The ability to regulate gene expression in a cell-specific and temporally restricted manner provides a powerful means to test gene function, bypass the action of lethal genes, label subsets of cells for developmental studies, monitor subcellular structures, and target tissues for selective ablation or physiological analyses. The galactose-inducible system of yeast, mediated by the transcriptional activator Gal4 and its consensus UAS binding site, has proven to be a highly successful and versatile system for controlling transcriptional activation in Drosophila. It has also been used effectively, albeit in a more limited manner, in the mouse. While zebrafish has lagged behind other model systems in the widespread application of Gal4 transgenic approaches to modulate gene activity during development, recent technological advances are permitting rapid progress. Here we review Gal4-regulated genetic tools and discuss how they have been used in zebrafish as well as their potential drawbacks.

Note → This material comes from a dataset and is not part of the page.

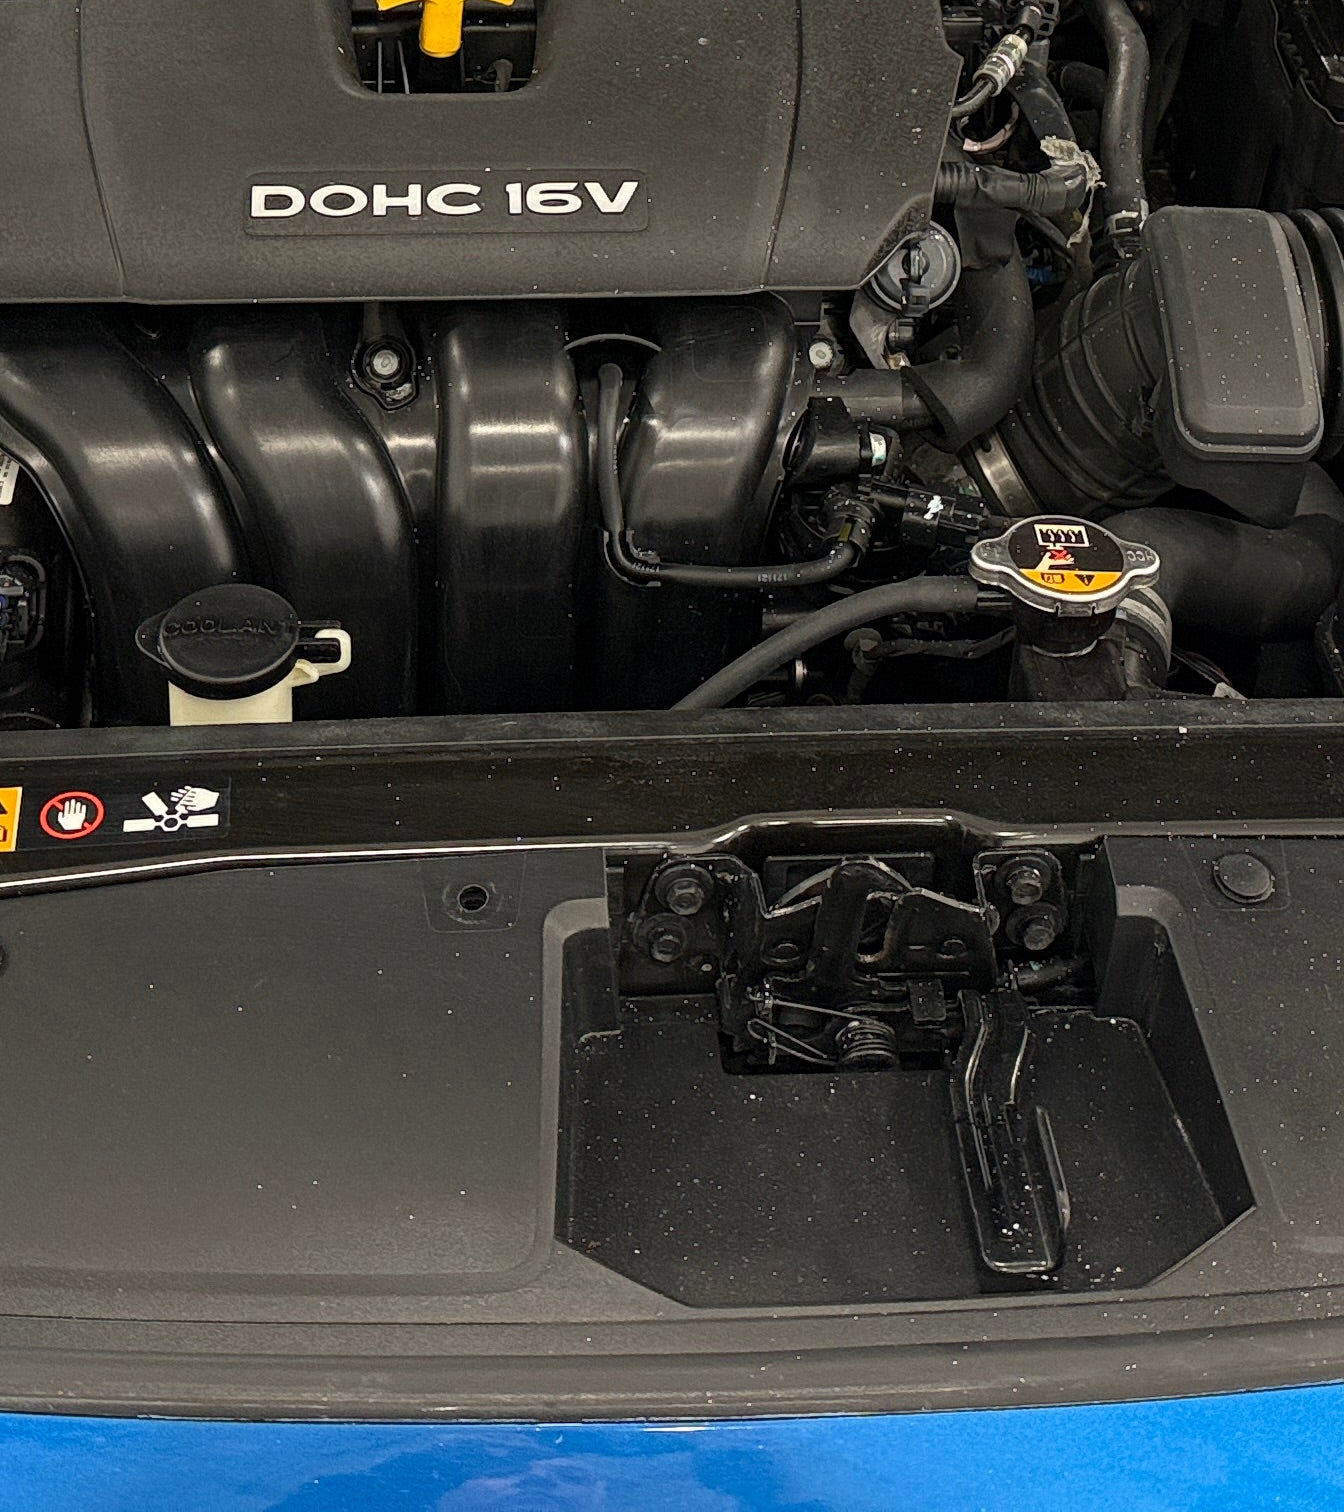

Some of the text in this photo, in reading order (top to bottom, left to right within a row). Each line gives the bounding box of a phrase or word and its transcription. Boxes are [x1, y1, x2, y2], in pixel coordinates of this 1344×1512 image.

[250, 181, 639, 218] DOHC 16V
[164, 615, 293, 637] COOLANT

We describe some exciting new directions, in large part afforded by the Tol2 transposition system, that are generating valuable new Gal4/UAS reagents for zebrafish research.

FIG. 1.

UAS-regulated transgenic tools for subcellular labeling. All embryos were generated by crossing transgenic UAS reporter lines with a stable BAC transgenic line expressing Gal4-VP16 under the control of ptf1a regulatory elements. (A, B) Mitochondrial labeling from a 14 × UAS:cox5a-eGFP fusion in the hindbrain (shown at low power in inset in A). (C) Nuclear localization of 14 × UAS:hmgb1-GFP in hindbrain neurons. (D) Membrane-targeted 14 × UAS:mCherry-CAAX expression outlines the morphology of spinal cord interneurons. (A) and (B) are dorsal views with embryos oriented with anterior to the left, (C) is a dorsal view with anterior to the top, and (D) is a lateral view. Constructs and transgenic lines are available upon request.